→ **Brief**: Restate all of the records below exactly. Do not carry over any image.

---------------

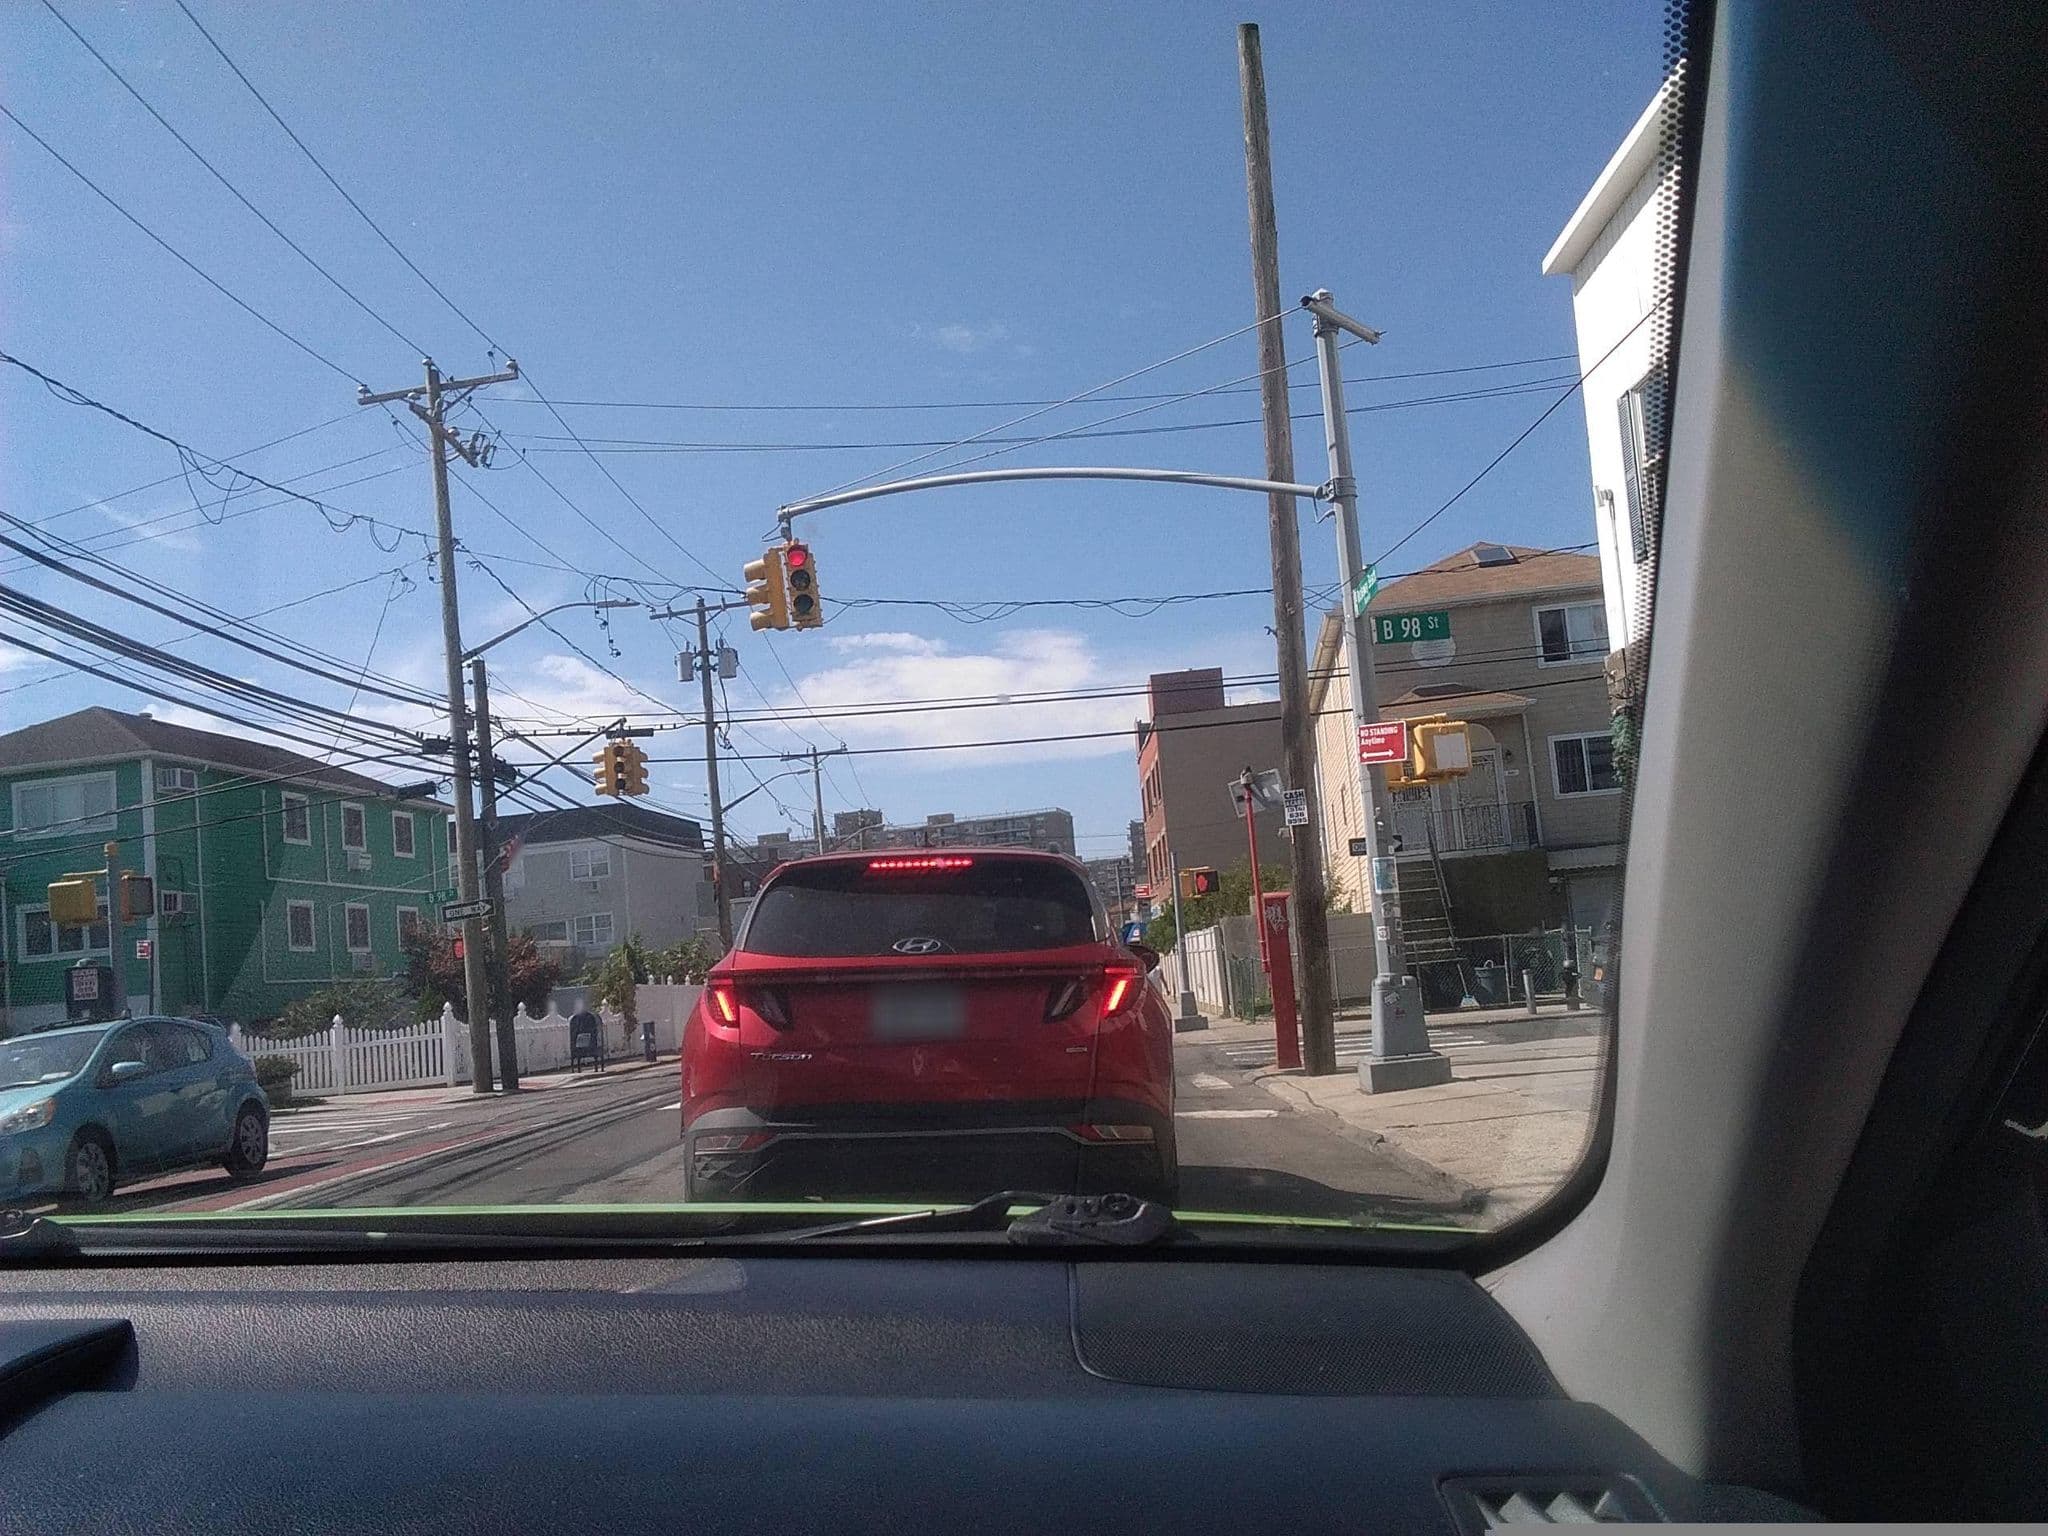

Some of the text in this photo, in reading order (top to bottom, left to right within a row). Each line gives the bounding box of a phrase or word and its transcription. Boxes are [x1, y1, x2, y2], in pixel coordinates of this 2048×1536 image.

[1383, 615, 1439, 640] B 98 St
[1360, 726, 1398, 737] NO STANDING
[1360, 737, 1385, 746] Anytime
[1284, 791, 1304, 800] CASH
[1354, 842, 1367, 850] ON

---------------

→ **Response**:
Some of the text in this photo, in reading order (top to bottom, left to right within a row). Each line gives the bounding box of a phrase or word and its transcription. Boxes are [x1, y1, x2, y2], in pixel coordinates of this 2048×1536 image.

[1383, 615, 1439, 640] B 98 St
[1360, 726, 1398, 737] NO STANDING
[1360, 737, 1385, 746] Anytime
[1284, 791, 1304, 800] CASH
[1354, 842, 1367, 850] ON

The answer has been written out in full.